EXERCISE MATERIALS →
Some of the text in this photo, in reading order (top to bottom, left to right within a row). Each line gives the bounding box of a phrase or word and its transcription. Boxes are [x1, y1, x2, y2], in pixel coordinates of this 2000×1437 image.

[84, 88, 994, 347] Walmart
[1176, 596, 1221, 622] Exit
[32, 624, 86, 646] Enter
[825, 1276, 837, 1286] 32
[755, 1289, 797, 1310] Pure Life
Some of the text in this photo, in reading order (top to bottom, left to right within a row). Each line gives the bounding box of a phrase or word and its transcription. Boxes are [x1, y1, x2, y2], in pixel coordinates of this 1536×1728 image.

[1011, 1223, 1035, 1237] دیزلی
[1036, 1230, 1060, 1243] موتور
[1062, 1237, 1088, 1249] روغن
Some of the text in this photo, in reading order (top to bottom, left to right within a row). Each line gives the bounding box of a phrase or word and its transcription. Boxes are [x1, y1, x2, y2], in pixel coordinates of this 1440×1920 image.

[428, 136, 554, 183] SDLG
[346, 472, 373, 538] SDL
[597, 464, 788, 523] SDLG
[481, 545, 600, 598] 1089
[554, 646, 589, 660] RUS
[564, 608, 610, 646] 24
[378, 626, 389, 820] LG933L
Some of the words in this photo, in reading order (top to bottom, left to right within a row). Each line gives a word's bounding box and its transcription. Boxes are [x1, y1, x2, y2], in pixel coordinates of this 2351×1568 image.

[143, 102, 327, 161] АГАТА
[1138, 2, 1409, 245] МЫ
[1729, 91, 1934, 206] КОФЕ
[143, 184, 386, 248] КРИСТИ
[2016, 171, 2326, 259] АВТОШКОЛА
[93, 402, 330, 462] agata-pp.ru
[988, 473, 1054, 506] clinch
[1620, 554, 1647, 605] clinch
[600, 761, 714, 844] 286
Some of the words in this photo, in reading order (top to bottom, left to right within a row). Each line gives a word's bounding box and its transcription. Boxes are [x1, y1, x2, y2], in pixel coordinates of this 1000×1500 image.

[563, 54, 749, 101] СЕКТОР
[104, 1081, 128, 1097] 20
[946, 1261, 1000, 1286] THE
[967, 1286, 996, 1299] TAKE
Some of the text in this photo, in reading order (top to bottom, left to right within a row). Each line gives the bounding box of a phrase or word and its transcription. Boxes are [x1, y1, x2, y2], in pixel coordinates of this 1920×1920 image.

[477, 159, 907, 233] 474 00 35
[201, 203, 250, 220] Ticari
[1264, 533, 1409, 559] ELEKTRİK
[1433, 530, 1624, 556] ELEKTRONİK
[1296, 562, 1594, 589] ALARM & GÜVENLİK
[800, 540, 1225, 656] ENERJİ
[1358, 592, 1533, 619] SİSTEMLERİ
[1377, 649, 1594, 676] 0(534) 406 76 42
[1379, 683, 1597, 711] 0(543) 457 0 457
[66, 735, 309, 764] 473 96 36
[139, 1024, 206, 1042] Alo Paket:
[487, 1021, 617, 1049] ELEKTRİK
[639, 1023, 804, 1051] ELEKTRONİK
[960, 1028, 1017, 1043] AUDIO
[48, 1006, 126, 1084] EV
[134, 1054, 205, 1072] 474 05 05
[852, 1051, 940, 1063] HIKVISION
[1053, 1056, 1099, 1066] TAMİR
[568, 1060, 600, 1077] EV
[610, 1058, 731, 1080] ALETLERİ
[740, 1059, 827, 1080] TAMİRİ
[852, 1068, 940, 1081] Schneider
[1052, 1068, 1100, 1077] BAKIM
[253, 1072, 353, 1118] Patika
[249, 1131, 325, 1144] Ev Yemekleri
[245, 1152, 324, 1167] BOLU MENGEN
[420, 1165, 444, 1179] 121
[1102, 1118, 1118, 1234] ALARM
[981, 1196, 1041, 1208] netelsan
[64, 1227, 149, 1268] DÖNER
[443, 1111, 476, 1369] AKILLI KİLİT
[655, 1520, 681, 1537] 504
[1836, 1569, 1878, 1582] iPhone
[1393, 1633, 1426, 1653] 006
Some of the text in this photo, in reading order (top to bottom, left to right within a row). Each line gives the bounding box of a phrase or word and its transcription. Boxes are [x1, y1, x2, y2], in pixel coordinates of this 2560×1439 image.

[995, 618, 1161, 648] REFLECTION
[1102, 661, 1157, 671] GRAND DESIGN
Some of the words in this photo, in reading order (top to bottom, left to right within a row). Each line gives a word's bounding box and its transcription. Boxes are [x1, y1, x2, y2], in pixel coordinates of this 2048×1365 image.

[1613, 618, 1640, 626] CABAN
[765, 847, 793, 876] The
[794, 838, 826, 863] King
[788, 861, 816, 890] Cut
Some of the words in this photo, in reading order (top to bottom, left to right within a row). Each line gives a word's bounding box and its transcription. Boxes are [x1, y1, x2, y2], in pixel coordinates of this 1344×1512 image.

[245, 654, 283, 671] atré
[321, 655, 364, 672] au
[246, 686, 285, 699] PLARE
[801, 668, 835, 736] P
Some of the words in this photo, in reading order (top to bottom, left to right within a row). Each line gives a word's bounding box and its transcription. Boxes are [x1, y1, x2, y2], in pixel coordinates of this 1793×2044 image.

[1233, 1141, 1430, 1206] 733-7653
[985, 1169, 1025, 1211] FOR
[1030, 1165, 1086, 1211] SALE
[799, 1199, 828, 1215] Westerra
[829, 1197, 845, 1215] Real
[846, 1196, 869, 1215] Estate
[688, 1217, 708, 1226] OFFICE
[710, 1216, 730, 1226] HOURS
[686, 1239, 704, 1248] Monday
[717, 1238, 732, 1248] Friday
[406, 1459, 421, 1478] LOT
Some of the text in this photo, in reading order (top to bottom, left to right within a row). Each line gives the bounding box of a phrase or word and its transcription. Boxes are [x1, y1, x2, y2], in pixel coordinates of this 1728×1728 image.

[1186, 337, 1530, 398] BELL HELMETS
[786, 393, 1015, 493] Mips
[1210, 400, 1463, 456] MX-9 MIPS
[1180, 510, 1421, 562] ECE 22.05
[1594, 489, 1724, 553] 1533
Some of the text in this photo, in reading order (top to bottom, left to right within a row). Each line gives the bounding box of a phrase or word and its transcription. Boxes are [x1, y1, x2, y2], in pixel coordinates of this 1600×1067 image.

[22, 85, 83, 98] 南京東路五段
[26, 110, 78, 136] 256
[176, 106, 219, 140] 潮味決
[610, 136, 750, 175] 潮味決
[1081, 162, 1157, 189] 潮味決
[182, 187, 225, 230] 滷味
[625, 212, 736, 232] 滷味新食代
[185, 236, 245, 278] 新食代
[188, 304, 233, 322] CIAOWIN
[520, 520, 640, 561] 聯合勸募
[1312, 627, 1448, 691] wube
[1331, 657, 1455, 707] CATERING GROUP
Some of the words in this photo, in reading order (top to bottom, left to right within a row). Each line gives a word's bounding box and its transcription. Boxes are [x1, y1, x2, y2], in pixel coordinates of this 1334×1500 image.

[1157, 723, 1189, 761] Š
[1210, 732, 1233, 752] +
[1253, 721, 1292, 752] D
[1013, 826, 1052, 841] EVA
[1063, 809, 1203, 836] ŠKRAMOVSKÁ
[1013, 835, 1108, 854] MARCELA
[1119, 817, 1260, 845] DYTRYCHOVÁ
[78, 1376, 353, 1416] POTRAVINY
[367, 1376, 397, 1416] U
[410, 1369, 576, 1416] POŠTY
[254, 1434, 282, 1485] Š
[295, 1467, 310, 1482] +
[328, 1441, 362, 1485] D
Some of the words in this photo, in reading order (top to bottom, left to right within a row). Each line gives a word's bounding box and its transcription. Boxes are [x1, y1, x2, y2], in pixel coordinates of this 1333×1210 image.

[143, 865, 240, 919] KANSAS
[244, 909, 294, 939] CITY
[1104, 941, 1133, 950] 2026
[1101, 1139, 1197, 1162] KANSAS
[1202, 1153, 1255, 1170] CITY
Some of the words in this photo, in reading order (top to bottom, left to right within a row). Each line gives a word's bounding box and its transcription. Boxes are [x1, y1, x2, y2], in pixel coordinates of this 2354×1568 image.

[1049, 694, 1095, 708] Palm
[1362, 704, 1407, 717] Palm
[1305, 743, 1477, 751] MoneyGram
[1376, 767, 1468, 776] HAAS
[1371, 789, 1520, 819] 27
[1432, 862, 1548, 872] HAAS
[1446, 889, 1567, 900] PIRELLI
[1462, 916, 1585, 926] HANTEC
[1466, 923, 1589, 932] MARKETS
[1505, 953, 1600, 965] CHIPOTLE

ABOUT THIS EXERCISE →
Give back, unchanged, every line from the one with "this 1600×1067 image." to the end of the entries above.

RESULT →
Some of the text in this photo, in reading order (top to bottom, left to right within a row). Each line gives the bounding box of a phrase or word and its transcription. Boxes are [x1, y1, x2, y2], in pixel coordinates of this 1600×1067 image.

[22, 85, 83, 98] 南京東路五段
[26, 110, 78, 136] 256
[176, 106, 219, 140] 潮味決
[610, 136, 750, 175] 潮味決
[1081, 162, 1157, 189] 潮味決
[182, 187, 225, 230] 滷味
[625, 212, 736, 232] 滷味新食代
[185, 236, 245, 278] 新食代
[188, 304, 233, 322] CIAOWIN
[520, 520, 640, 561] 聯合勸募
[1312, 627, 1448, 691] wube
[1331, 657, 1455, 707] CATERING GROUP
Some of the words in this photo, in reading order (top to bottom, left to right within a row). Each line gives a word's bounding box and its transcription. Boxes are [x1, y1, x2, y2], in pixel coordinates of this 1334×1500 image.

[1157, 723, 1189, 761] Š
[1210, 732, 1233, 752] +
[1253, 721, 1292, 752] D
[1013, 826, 1052, 841] EVA
[1063, 809, 1203, 836] ŠKRAMOVSKÁ
[1013, 835, 1108, 854] MARCELA
[1119, 817, 1260, 845] DYTRYCHOVÁ
[78, 1376, 353, 1416] POTRAVINY
[367, 1376, 397, 1416] U
[410, 1369, 576, 1416] POŠTY
[254, 1434, 282, 1485] Š
[295, 1467, 310, 1482] +
[328, 1441, 362, 1485] D
Some of the words in this photo, in reading order (top to bottom, left to right within a row). Each line gives a word's bounding box and its transcription. Boxes are [x1, y1, x2, y2], in pixel coordinates of this 1333×1210 image.

[143, 865, 240, 919] KANSAS
[244, 909, 294, 939] CITY
[1104, 941, 1133, 950] 2026
[1101, 1139, 1197, 1162] KANSAS
[1202, 1153, 1255, 1170] CITY
Some of the words in this photo, in reading order (top to bottom, left to right within a row). Each line gives a word's bounding box and its transcription. Boxes are [x1, y1, x2, y2], in pixel coordinates of this 2354×1568 image.

[1049, 694, 1095, 708] Palm
[1362, 704, 1407, 717] Palm
[1305, 743, 1477, 751] MoneyGram
[1376, 767, 1468, 776] HAAS
[1371, 789, 1520, 819] 27
[1432, 862, 1548, 872] HAAS
[1446, 889, 1567, 900] PIRELLI
[1462, 916, 1585, 926] HANTEC
[1466, 923, 1589, 932] MARKETS
[1505, 953, 1600, 965] CHIPOTLE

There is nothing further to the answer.